# Prompt
Please return every record exactly as written, leaving out the pictures.

# Data for this task

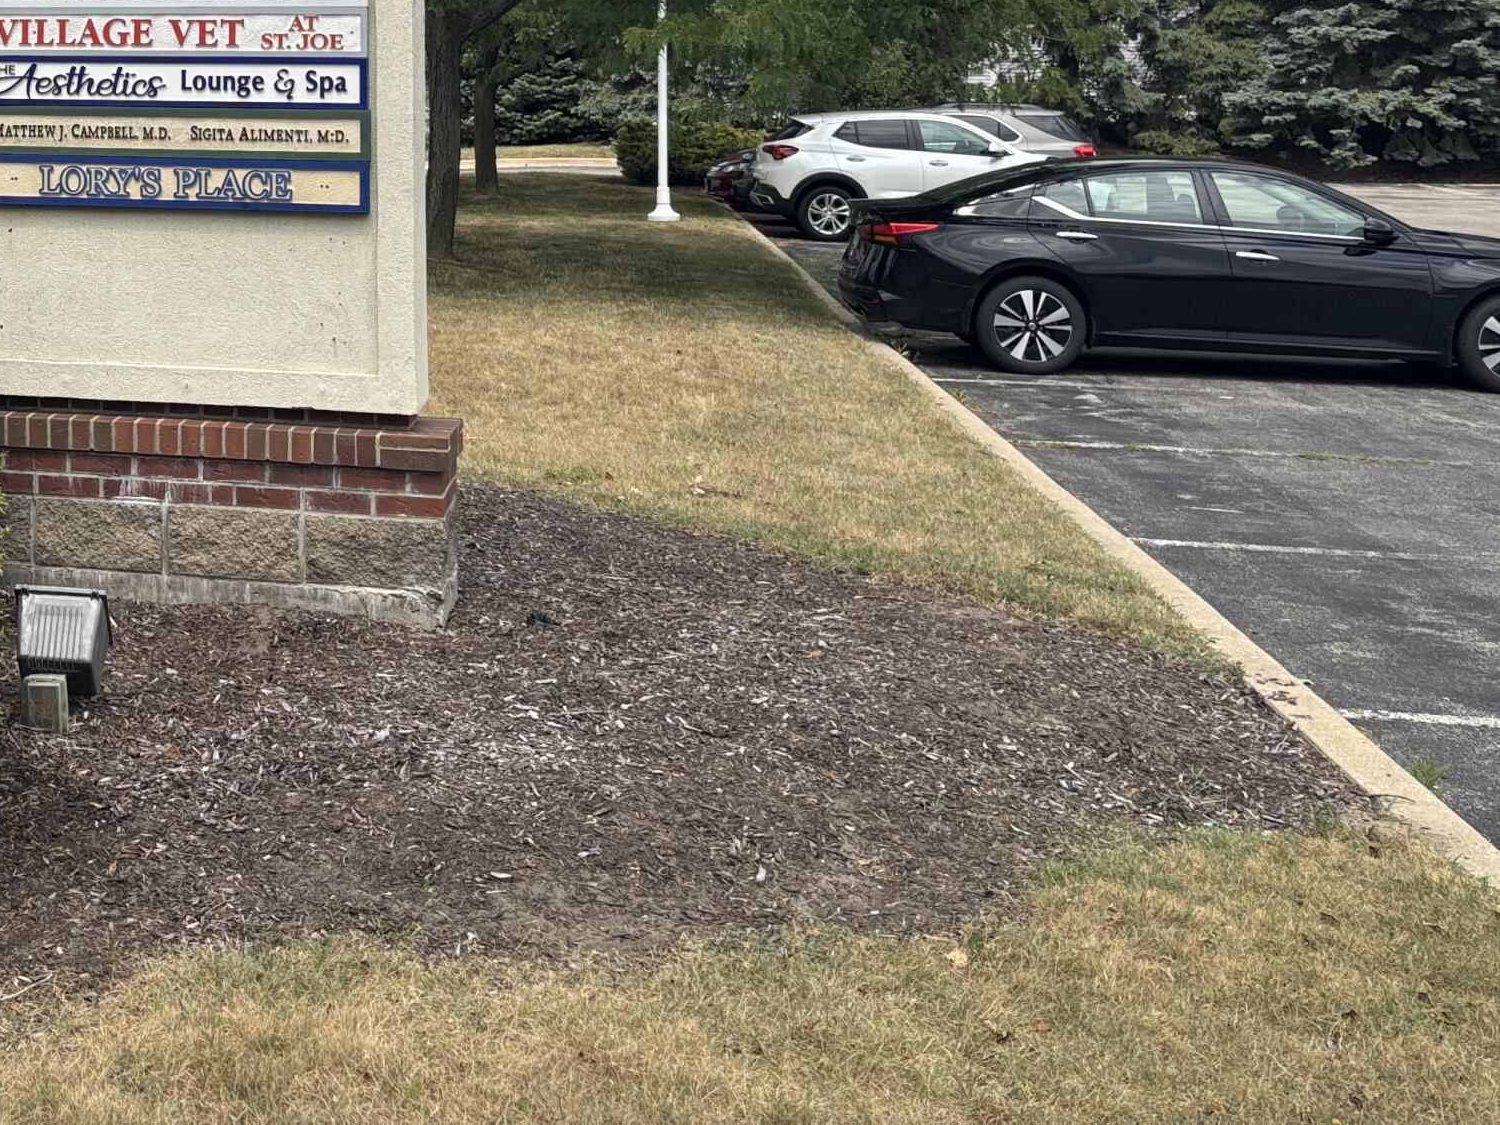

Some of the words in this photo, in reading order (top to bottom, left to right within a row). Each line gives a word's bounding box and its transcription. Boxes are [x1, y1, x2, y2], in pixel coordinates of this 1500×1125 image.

[289, 15, 319, 32] AT
[169, 18, 245, 48] VET
[261, 33, 292, 51] ST.
[296, 33, 344, 51] JOE
[180, 69, 265, 96] Lounge
[273, 69, 295, 100] &
[305, 70, 348, 94] Spa
[59, 125, 67, 142] J.
[142, 126, 172, 141] M.D.
[190, 125, 235, 142] SIGITA
[39, 165, 161, 197] LORY'S
[173, 167, 293, 201] PLACE
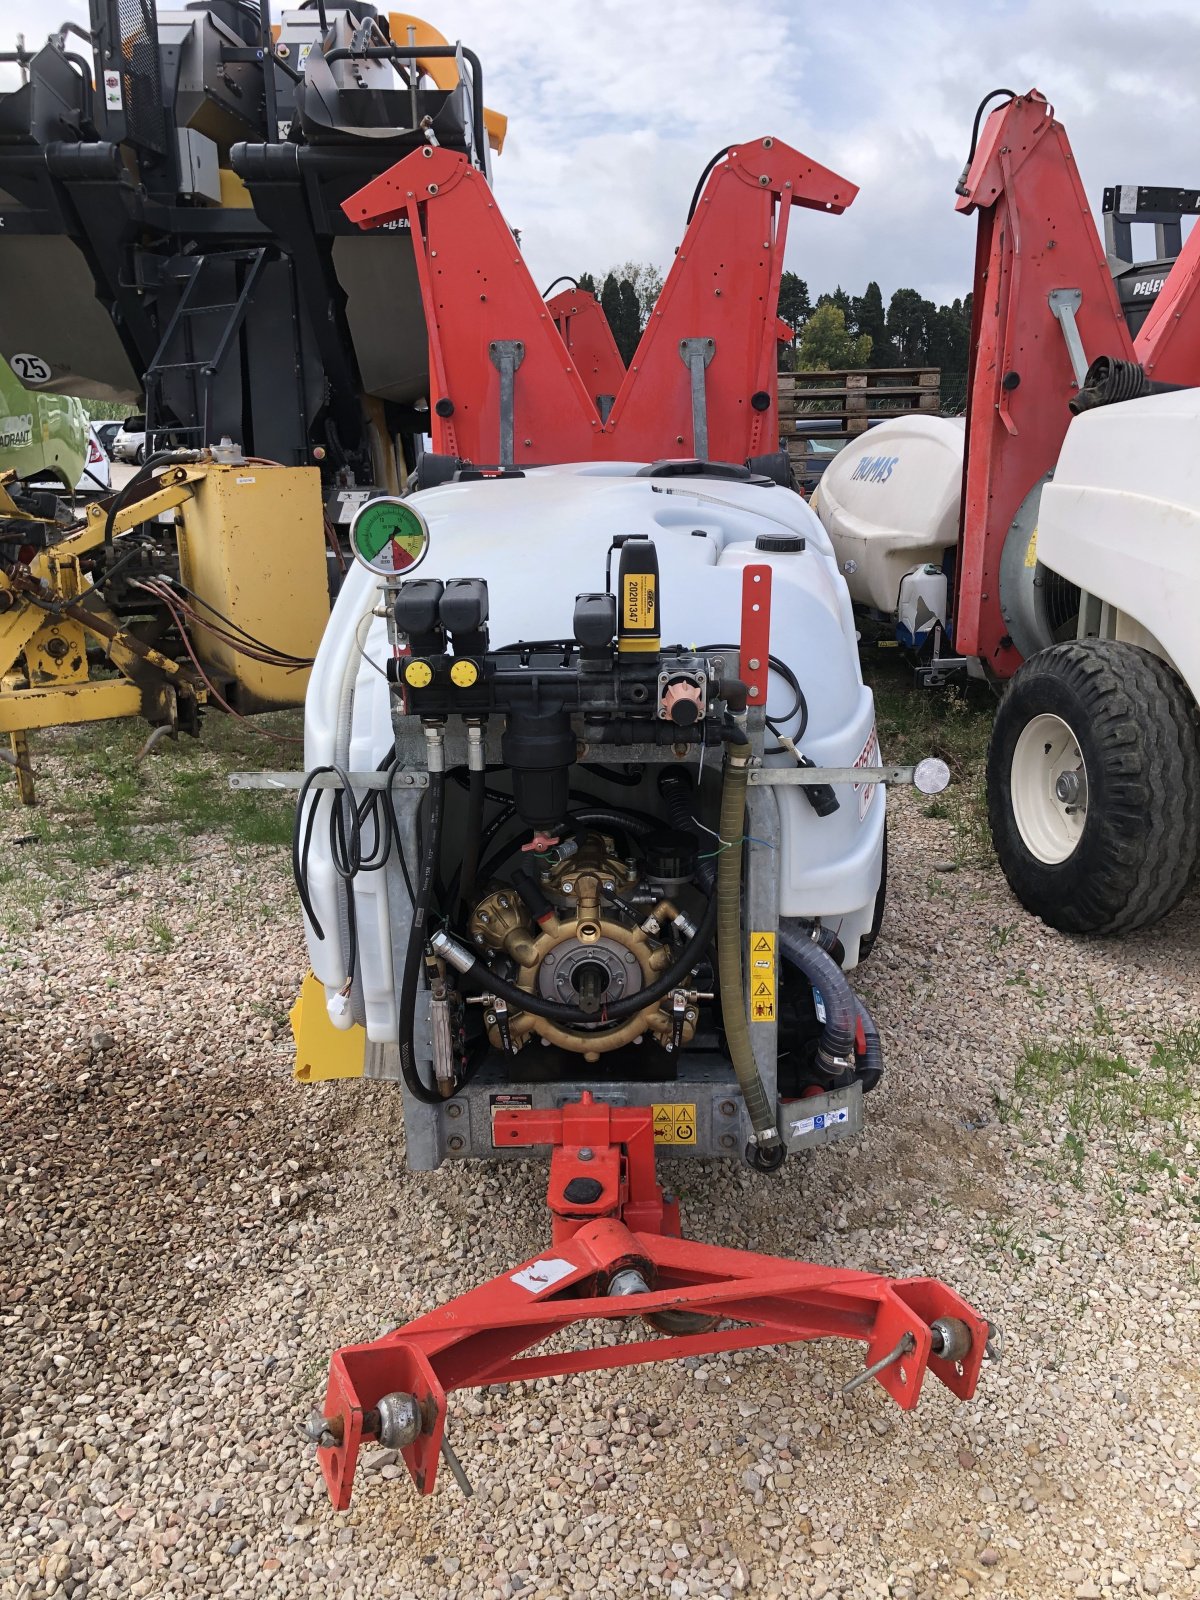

# Exercise output
Some of the words in this photo, in reading order (top to bottom, left to right within a row). Each line gives a word's bounding box and its transcription. Boxes are [x1, y1, x2, y2], in pixel coordinates of this 1500×1125 image.

[289, 15, 319, 32] AT
[169, 18, 245, 48] VET
[261, 33, 292, 51] ST.
[296, 33, 344, 51] JOE
[180, 69, 265, 96] Lounge
[273, 69, 295, 100] &
[305, 70, 348, 94] Spa
[59, 125, 67, 142] J.
[142, 126, 172, 141] M.D.
[190, 125, 235, 142] SIGITA
[39, 165, 161, 197] LORY'S
[173, 167, 293, 201] PLACE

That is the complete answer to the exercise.